Li: Lo se, es una larga historia y ya me sermonearon mucho por lo de la máscara, así que dejemos ese asunto de lado y no vuelvas a atacarme.

Él la mira de arriba a abajo y apaga su cosmos.

Kanon: Esta bien, supongo que no eres una amenaza ¿Que es lo que quieres?

Li: Fui enviada por Athena para llevarte de nuevo al santuario.

Kanon: ¿Tu? -pregunta intentando no reir- pues si ese es tu único asunto conmigo lo mejor será que inicies tu camino de regreso, no pienso volver allá.

Li: Oh… La verdad no pensé en una negativa como respuesta. No importa. Prometí llevarte ante Athena y lo haré.

Kanon: Reconozco tu entusiasmo -dice riendo- pero no está a discusión. Regresa por donde viniste y dale mis saludos a Athena.

Li: No puedo decepcionarlos así, ni a la diosa Athena ni al Patriarca Saga.

Kanon: ¿Que dijiste? -pregunta desconcertado- ¿Dijiste Saga?

Li: ¡Ahh Claro! Es tu hermano.

Kanon: ¿Es verdad? ¿Está vivo?

Li: Athena los revivió y está reconstruyendo el santuario ¿No sabías nada de esto? ¿Por que no volviste?

Kanon: Me he mantenido alejado por buenas razones. Ninguna de ella es asunto tuyo.

Li: Pero ahora regresaras para ver a tu hermano ¿verdad?

Kanon: ¿Tu no sabes nada sobre nosotros? -pregunta confundido- Si él regresó a su puesto no tengo nada que hacer allá, bien por él.

Li: No se llevan bien ¿eh? Es normal, bueno me han dicho porque la verdad yo soy hija única y no tengo idea de lo que es tener un hermano que no me caiga bien pero…

Kanon: ¿Jamás te callas? Te dije que no iré, así que vete.

Li: Bueno -suspira- el punto es que si no te llevo conmigo perderé mi armadura y romperé la promesa que le hice a mi maestra Niobe de portarla.

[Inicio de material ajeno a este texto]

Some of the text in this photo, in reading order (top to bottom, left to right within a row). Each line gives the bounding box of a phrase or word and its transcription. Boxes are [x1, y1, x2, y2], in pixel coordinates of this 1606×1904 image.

Kanon: ¿Y se supone que eso debe importarme? Todos tenemos nuestros propios problemas, así que esfúmate que tengo cosas que hacer.

Li: Pero…

El geminiano emprende su camino ante la mirada frustrada de la chica. No podía darse por vencida pero tampoco podía obligarlo; ella una chica de 1.63 y complexión atlética pero que no se podía comparar con la del ex Dragón Marino. Así que lo siguió a distancia, ya se le ocurriría algo para convencerlo. Así logró seguir sus pasos sin que el peliazul la notara durante un buen rato.

— 0 —

Santuario de Athena

El Patriarca había tocado a la puerta de la diosa varias veces sin obtener respuesta por lo que entró y la encontró en el balcón.

Saga: ¿Pasa algo malo Athena? La noto preocupada.

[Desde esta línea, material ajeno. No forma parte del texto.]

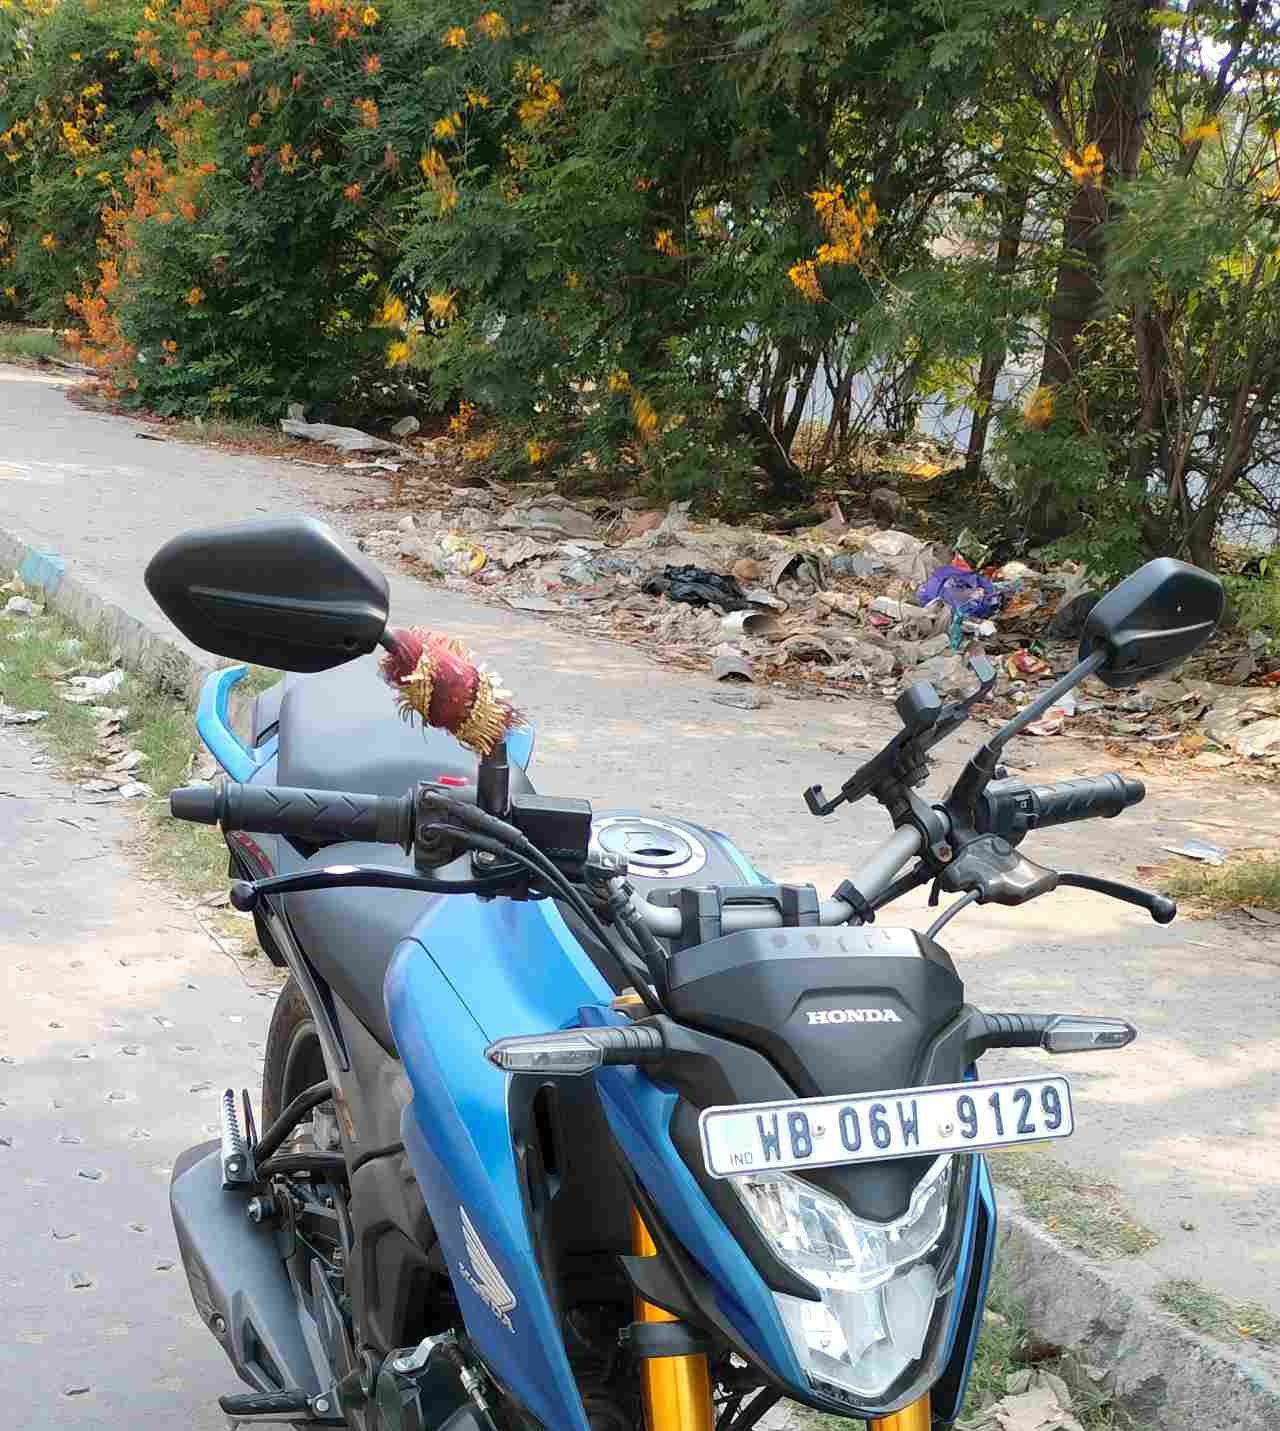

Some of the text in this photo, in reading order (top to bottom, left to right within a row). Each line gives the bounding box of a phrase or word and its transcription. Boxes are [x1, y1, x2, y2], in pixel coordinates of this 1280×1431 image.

[806, 1008, 902, 1025] HONDA
[757, 1085, 1063, 1162] WB 06W 9129
[729, 1153, 753, 1167] IND

Athena: No es nada, solo pensaba en algo que me dijo mi padre cuando le pedí que los volviera a la vida. Dijo que accedía porque sabía que tenía batallas que librar y enemigos que vencer. Eso me tiene inquieta. Cuando derrotamos a Hades pensé que por fin todo había acabado y no quiero que ustedes hayan vuelto solo para verlos pelear de nuevo,

Saga: Oh Athena, estoy seguro que mis compañeros están agradecidos con esta nueva vida. Los he visto sonreír como jamás vi que lo hicieran. Y se bien que si tienen que luchar una vez más por usted, con gusto darán su vida de nuevo.

Athena: Se que lo harían pero no quiero que tengan que hacerlo y no quiero estar sola de nuevo.

Saga se acerca conmovido por la confesión no de una diosa sino de una joven, le besa la mano y la mira a los ojos.

Saga: Mi diosa yo prometo que aun si llegara a morir por defenderla, siempre estaré con usted en alma y corazón.

Saori lo mira un poco desconcertada y ruborizada, mientras miles de pensamientos corren por su mente hasta terminar en la profundidad de los intensos ojos del peliazul.

Dohko: ¡Saga!

Saga: ¡No pasa nada!

Dohko: ¿Que? Claro que pasa, los soldados han reportado actividad hostil en el lado oeste del santuario.

Saga: ¿Como es posible? Vamos de inmediato. Athena, no salga de aquí, enviare a Mu a su cuidado.

Saori asiente sin poner mucha atención al incidente, su cabeza está en otras fantasías más agradables.

— 0 —

Algun lugar de Grecia

Después de trepar a un árbol con el mayor silencio posible, Li pudo ver cómo Kanon encendía una fogata mientras bebía algo de vino.

Kanon: No se para qué sigo vivo -decía en voz alta el gemelo mientras lanzaba pequeños trozos de madera a la hoguera- debí haberme lanzado a cocytos.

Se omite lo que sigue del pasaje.